== WORK ITEM ==
Every line below should come back exactly as written, though the pictures stay out.

[EXTRACTED INFORMATION Boundary: Start]

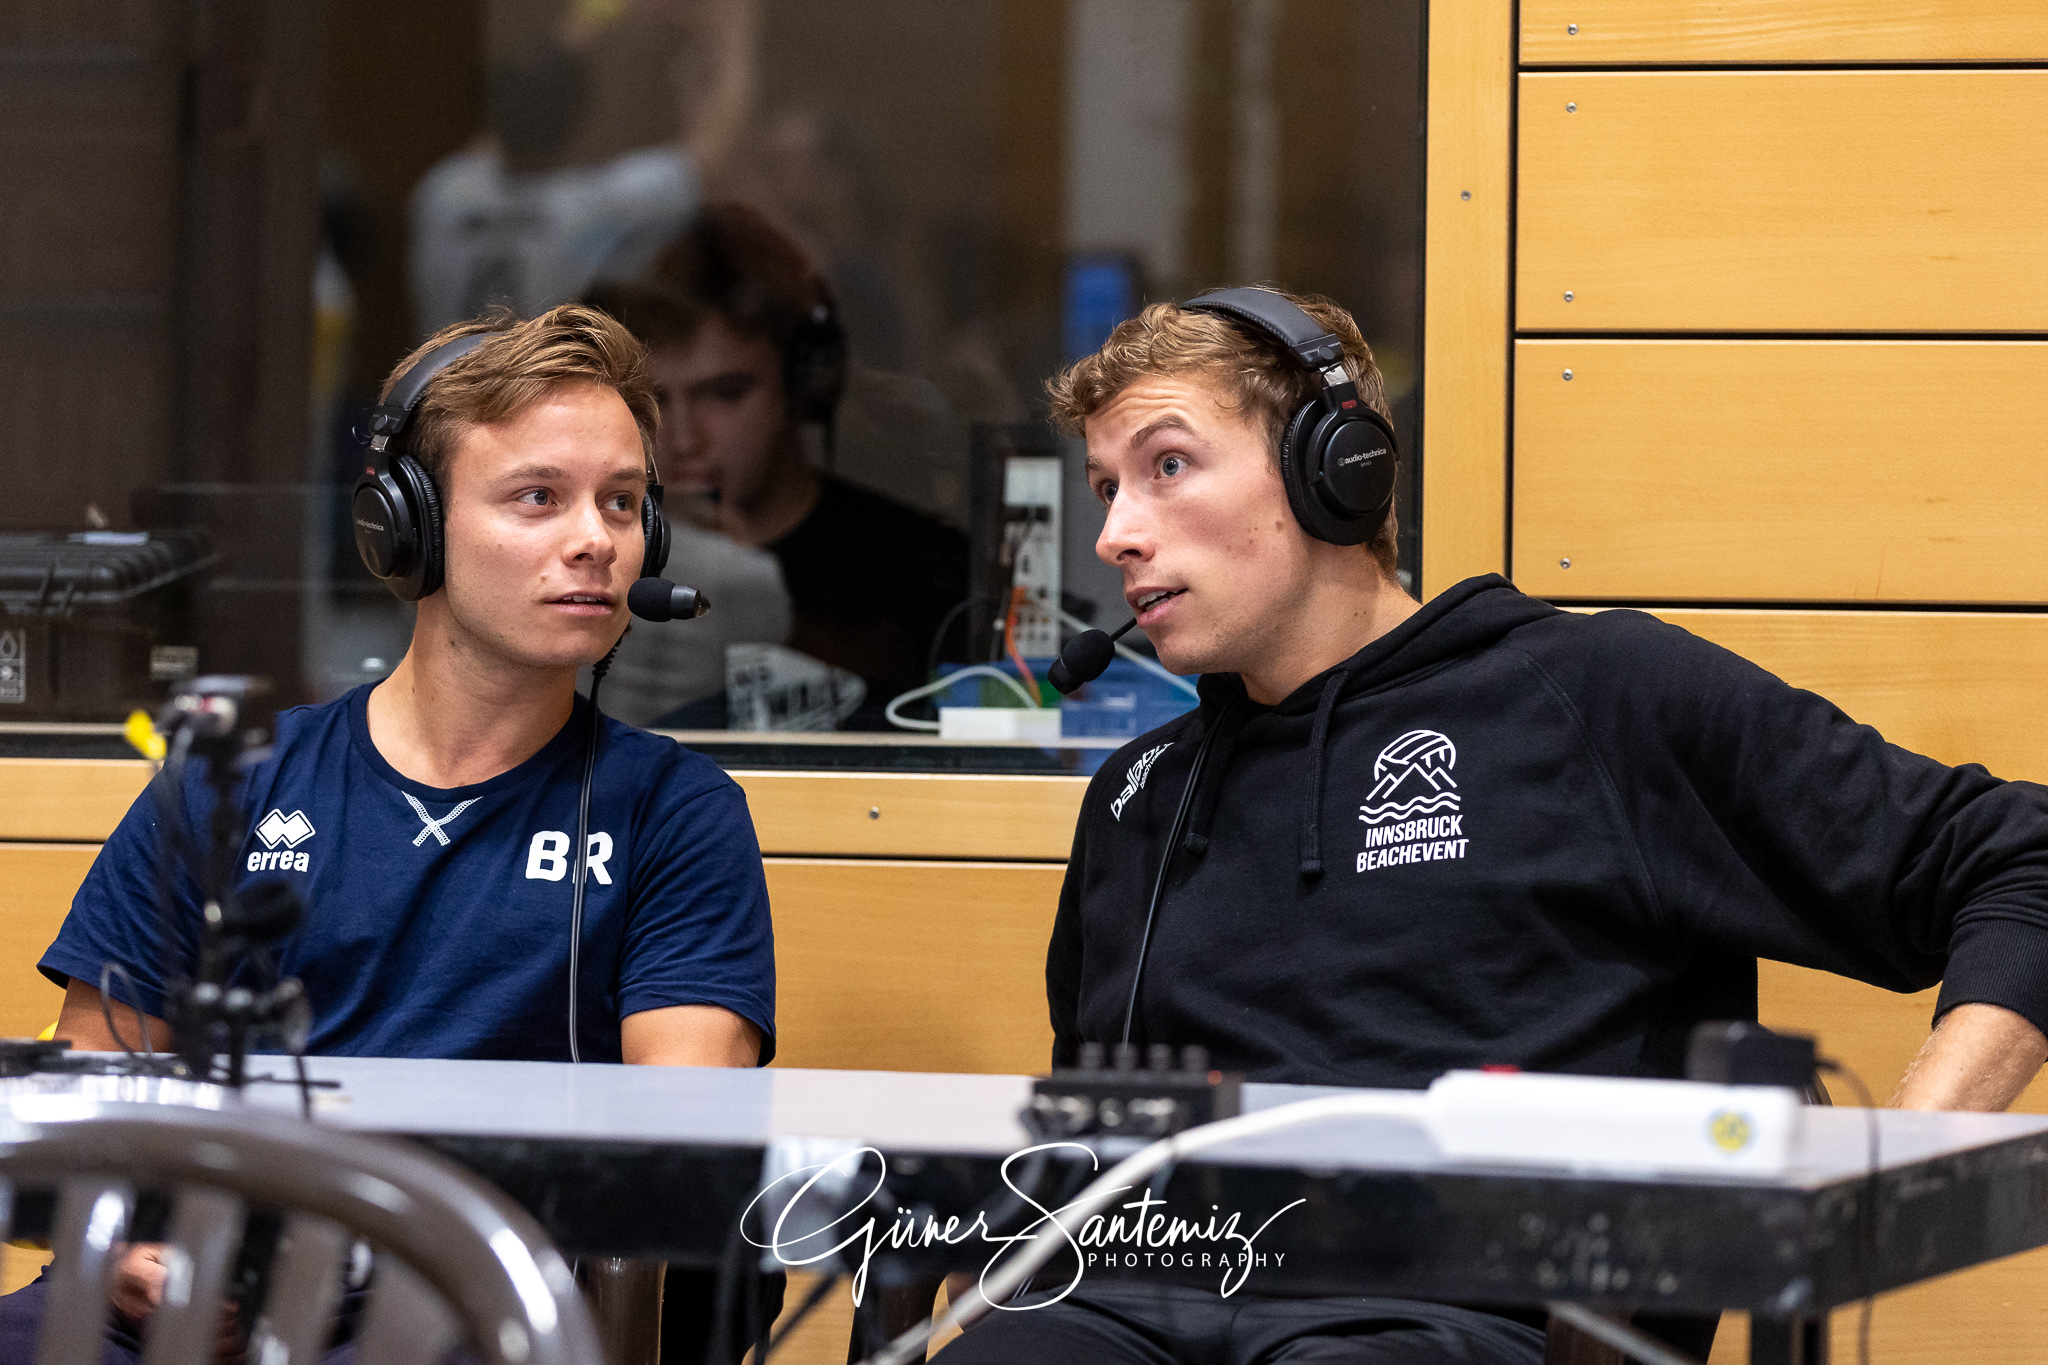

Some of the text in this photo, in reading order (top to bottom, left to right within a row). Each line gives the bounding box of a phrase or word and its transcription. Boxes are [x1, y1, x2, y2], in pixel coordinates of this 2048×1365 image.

[1344, 448, 1387, 464] audio-technica
[355, 518, 384, 532] udio-technica
[1365, 814, 1464, 848] INNSBRUCK
[247, 850, 310, 872] errea
[525, 830, 614, 885] BR
[1356, 838, 1470, 873] BEACHEVENT
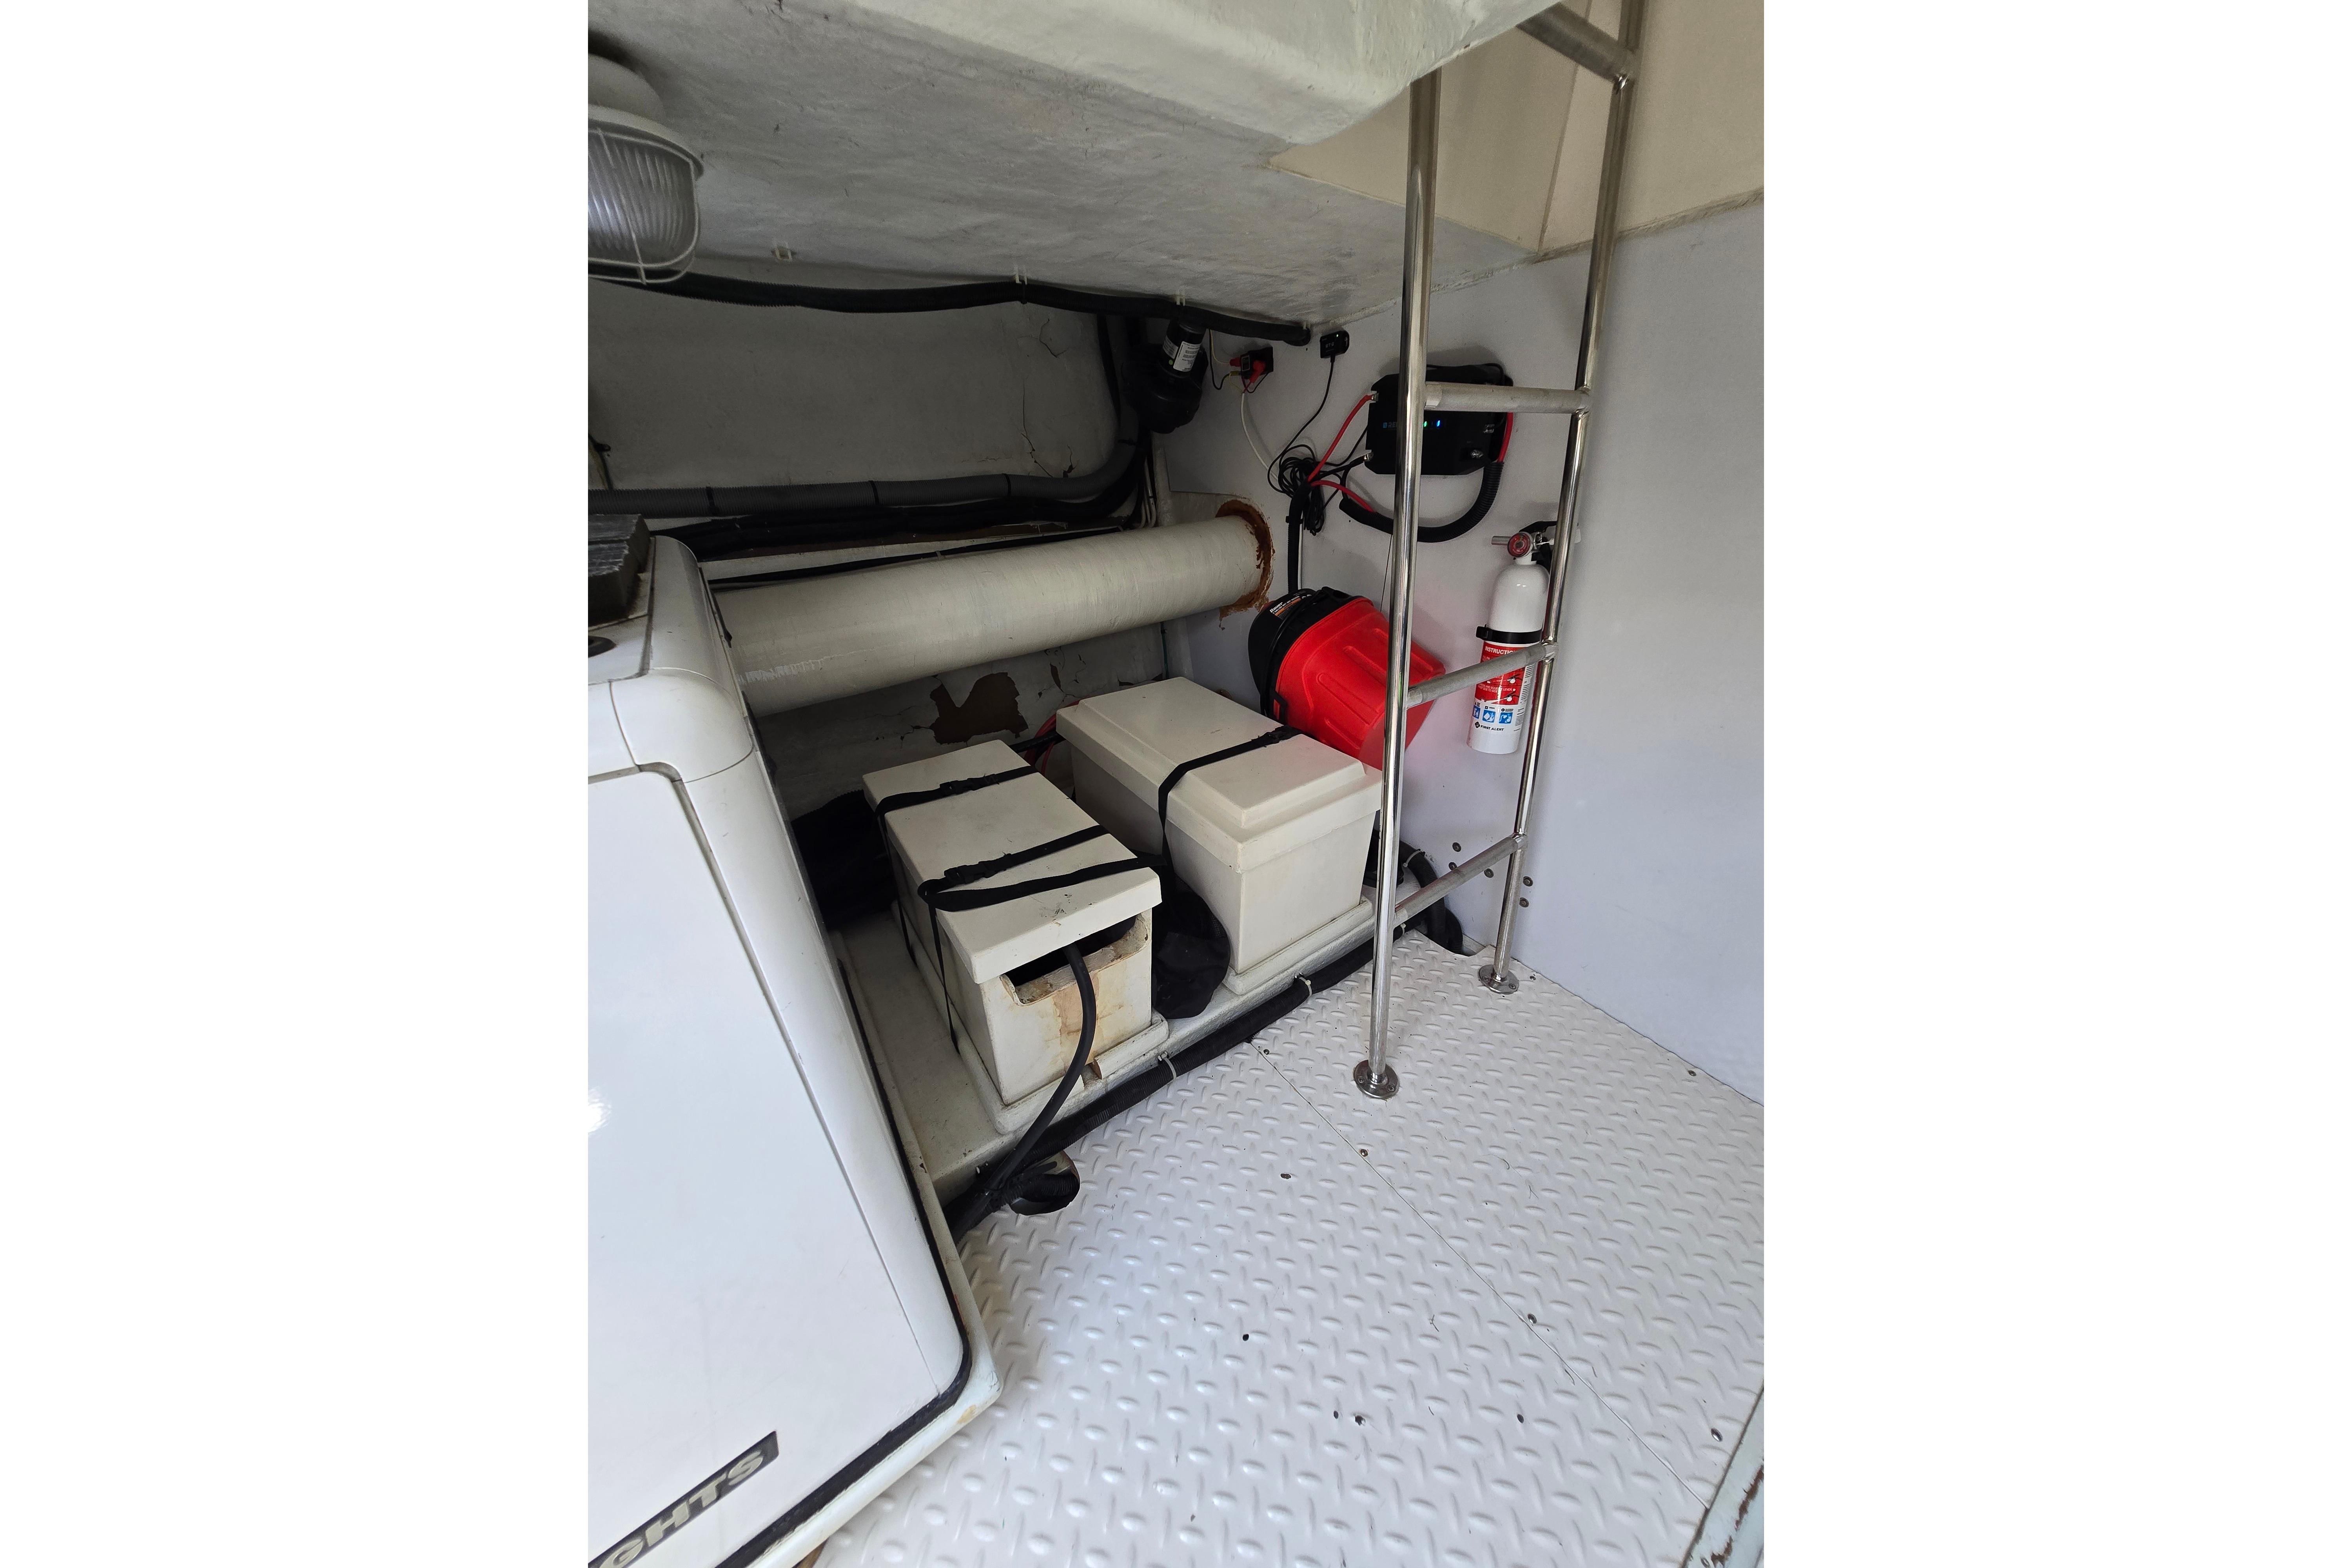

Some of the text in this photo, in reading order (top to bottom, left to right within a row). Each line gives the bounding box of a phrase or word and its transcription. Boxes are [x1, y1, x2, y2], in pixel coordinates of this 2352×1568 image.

[1270, 602, 1283, 613] Bauer
[1485, 646, 1515, 655] INSTRUCTIO
[599, 1450, 764, 1568] GHTS

[EXTRACTED INFORMATION Boundary: End]

== WRITTEN ANSWER ==
Some of the text in this photo, in reading order (top to bottom, left to right within a row). Each line gives the bounding box of a phrase or word and its transcription. Boxes are [x1, y1, x2, y2], in pixel coordinates of this 2048×1365 image.

[1344, 448, 1387, 464] audio-technica
[355, 518, 384, 532] udio-technica
[1365, 814, 1464, 848] INNSBRUCK
[247, 850, 310, 872] errea
[525, 830, 614, 885] BR
[1356, 838, 1470, 873] BEACHEVENT

Some of the text in this photo, in reading order (top to bottom, left to right within a row). Each line gives the bounding box of a phrase or word and its transcription. Boxes are [x1, y1, x2, y2], in pixel coordinates of this 2352×1568 image.

[1270, 602, 1283, 613] Bauer
[1485, 646, 1515, 655] INSTRUCTIO
[599, 1450, 764, 1568] GHTS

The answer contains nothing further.